Pulmonary hypertension systemic lupus erythematodes 
Tegzová D. 

Revmatologický ústav, Praha
 


Summary:

       Pulmonary hypertension (PH) represents rare and serious complication of various systemic connective tissue diseases. It occurs most frequently in scleroderma, mixed connective tissue disease, systemic lupus erythematosus and in antiphospholipid syndrome. PH in systemic diseases is newly classified as the arterial PH. Its development is potentiated by several epigenetic mechanisms including vasculitis, vasculopathy, thromboembolia, vascular endothelial impairment, and by the imbalance between vasoconstriction and vasodilatation mechanisms. Suspection of PH can be established on the basis of echocardiography and the diagnosis is verified by right-side catheterisation. The degree of reversibility of vasoconstriction of pulmonary vessels and therefore the most suitable therapy can be estimated using vasodilatation test. PH treatment has recently undergone a rapid development. Formerly, calcium channel blockers were used and since the end of eighties patients have been treated with prostacycline and epoprostenole respectively, administered in continuous intravenous infusion.
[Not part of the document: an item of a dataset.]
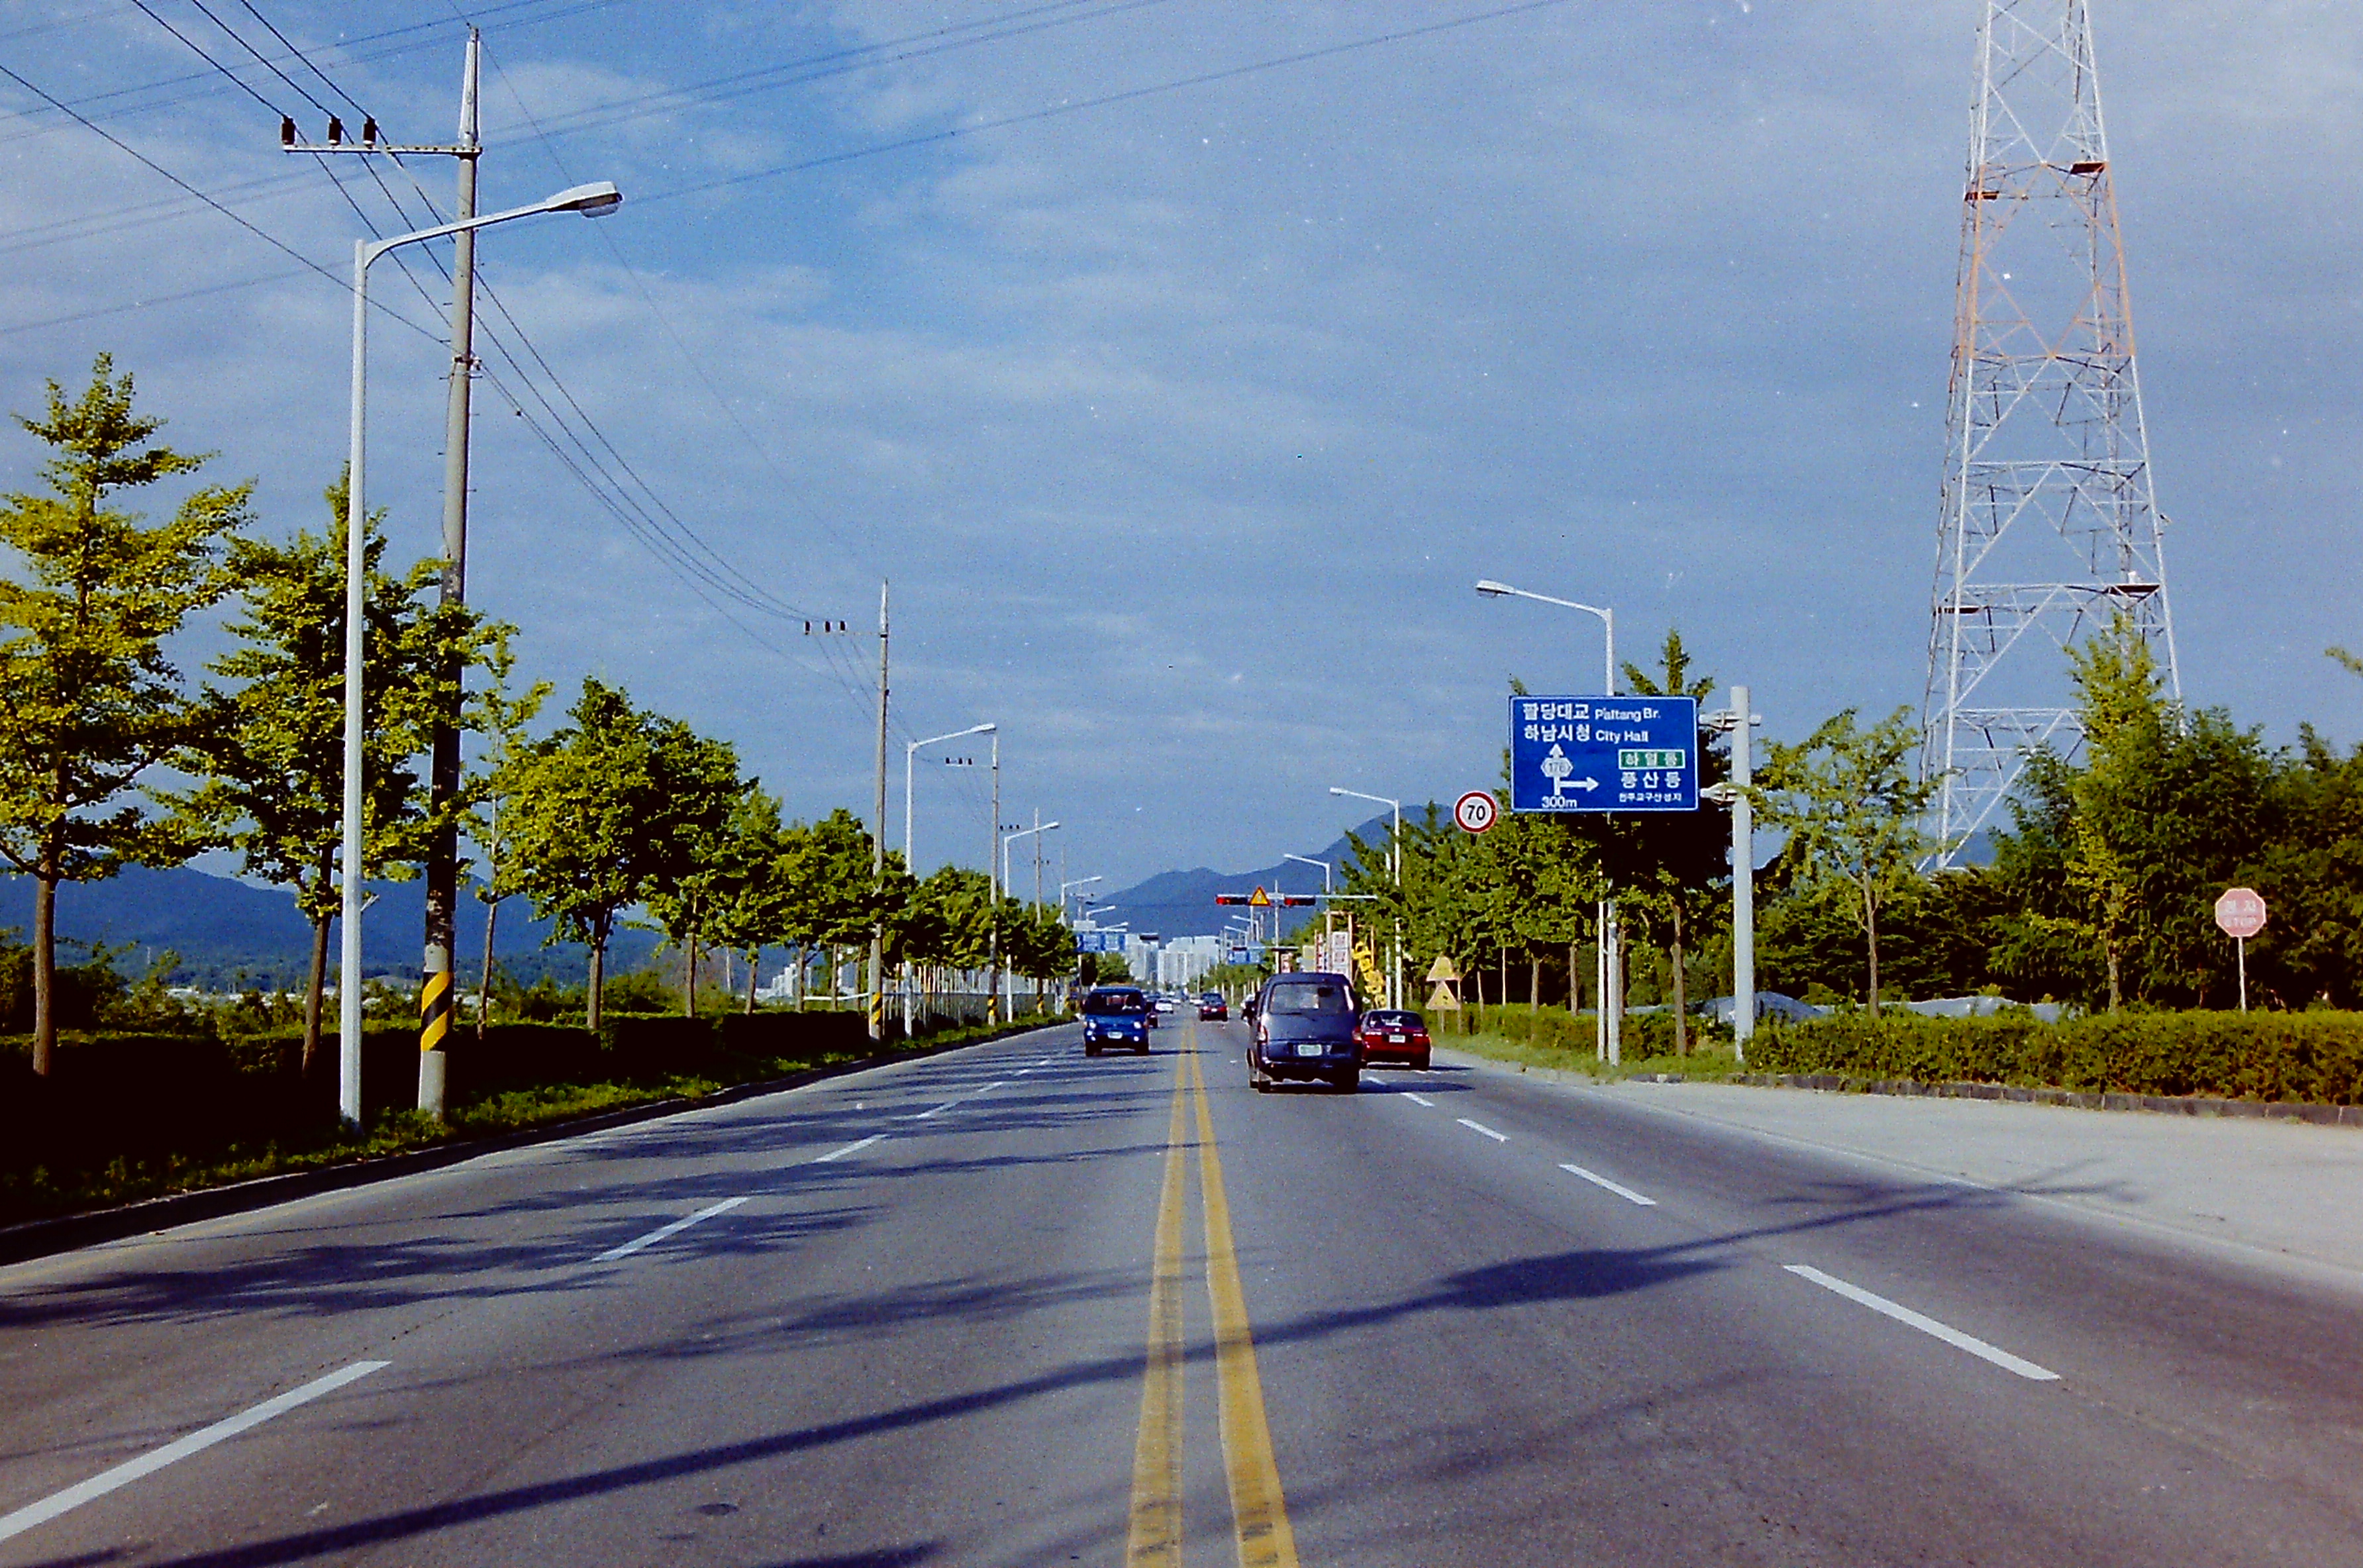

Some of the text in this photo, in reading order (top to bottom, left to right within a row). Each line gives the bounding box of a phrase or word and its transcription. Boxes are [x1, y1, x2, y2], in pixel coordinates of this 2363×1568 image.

In recent few years some other drugs were tested, namely the epoprostenole derivatives. These drugs need not be administered only intravenously; they can be given per inhalation (iloprost), subcutaneously (treprostinol) or perorally (beraprost). Another new drug is the phosphodiesterase inhibitor (sildenafil), endothelial receptor blocker (bosentan), nitrogen oxide or L-arginine and also therapy using adenosine and serine is being tested. Some combinations of drugs are also examined. The above given possibilities of treatment, however, are not routinly available, they can be tested only within the framework of therapeutical research studies. PH treatment is life lasting and comparatively costly. The therapy of the systemic connective tissue disease has no effects on the already developed PH, but it is necessary for stabilization of the primary disease.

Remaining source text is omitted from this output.